화학공학소재연구정보센터
Biotechnology and Bioengineering, Vol.99, No.3, 567-577, 2008
Fluorescence-based soft-sensor for monitoring beta-lactoglobulin and alpha-lactalbumin solubility during thermal aggregation
A soft-sensor for monitoring solubility of native-like a-lactalbumin (alpha-LA) and beta-lactoglobutin (beta-LG) and their aggregation behavior following heat treatment of mixtures under different treatment conditions was developed using fluorescence spectroscopy data regressed with a multivariate Partial Least Squares (PLS) regression algorithm.
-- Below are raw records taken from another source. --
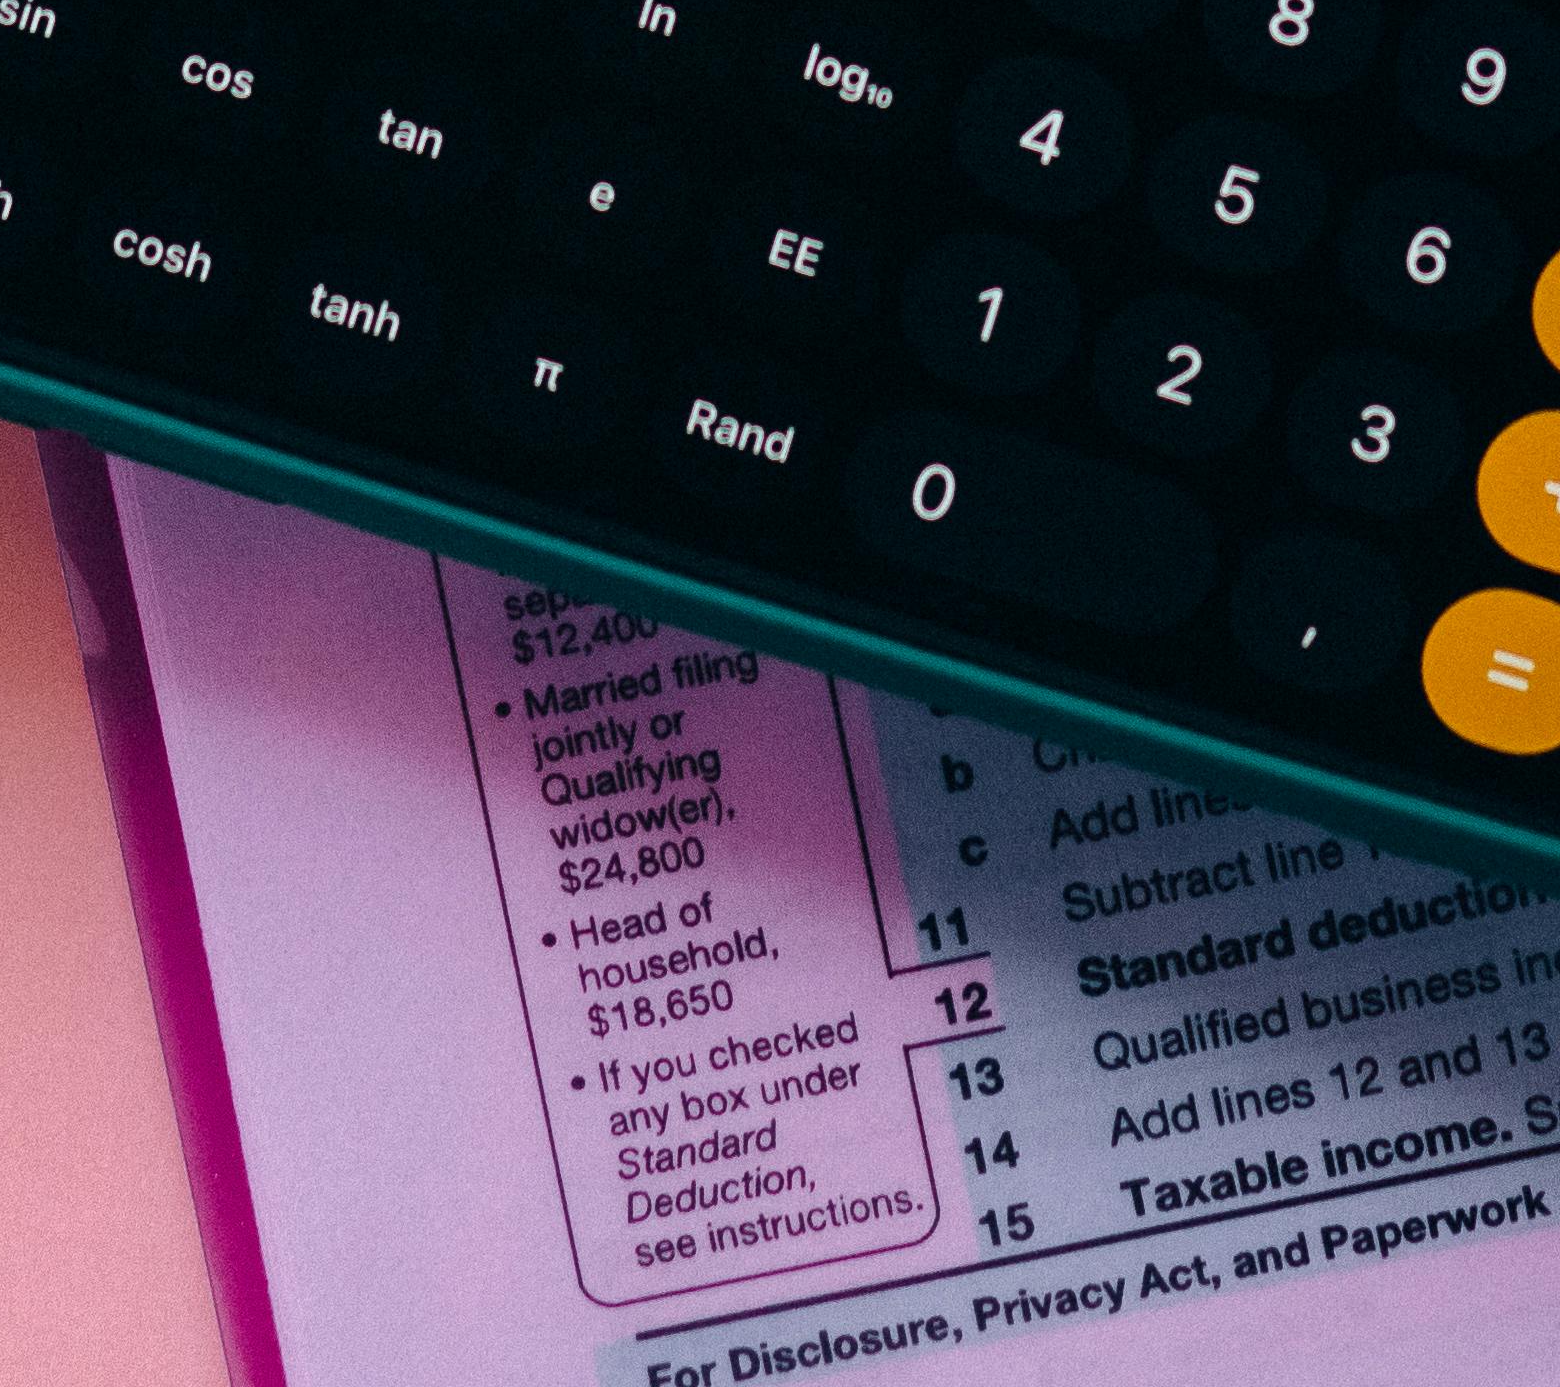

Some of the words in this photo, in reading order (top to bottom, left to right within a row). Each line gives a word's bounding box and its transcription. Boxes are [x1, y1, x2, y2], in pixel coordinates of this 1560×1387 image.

[180, 54, 255, 100] cos
[1460, 46, 1508, 106] 9
[377, 108, 444, 160] tan
[1018, 108, 1065, 166] 4
[588, 180, 616, 213] e
[1213, 164, 1261, 226] 5
[112, 228, 212, 283] cosh
[767, 228, 825, 278] EE
[1405, 225, 1452, 285] 6
[309, 283, 401, 342] tanh
[977, 286, 1004, 343] 1
[533, 356, 565, 393] π
[1155, 344, 1203, 406] 2
[685, 398, 796, 464] Rand
[1350, 403, 1397, 464] 3
[911, 462, 957, 522] 0
[557, 835, 706, 896] $24,800
[586, 978, 734, 1040] $18,650
[617, 1117, 777, 1182] Standard
[626, 1164, 816, 1226] Deduction,
[634, 1234, 697, 1269] see
[707, 1189, 925, 1253] instructions.
PLS regression was used to correlate the concentrations of alpha-LA and beta-LG to the fluorescence spectra obtained for their mixtures. Data for the calibration and validation of the soft sensor was derived from fluorescence spectra. The process of thermal induced aggregation of beta-LG and a-LA protein in mixtures, which involves the disappearance of native-like proteins, was studied under various treatment conditions including different temperatures, pH, total initial protein concentration and proportions of alpha-LA and beta-LG. It was demonstrated that the multivariate regression models used could effectively deconvolute multi-wavelength fluorescence spectra collected under a variety of process conditions and provide a fairly accurate quantification of respective native-Re proteins despite the significant overlapping between their emission profiles. It was also demonstrated that a PLS model can be used as a black-box prediction tool for estimating protein aggregation when combined with simple mass balances.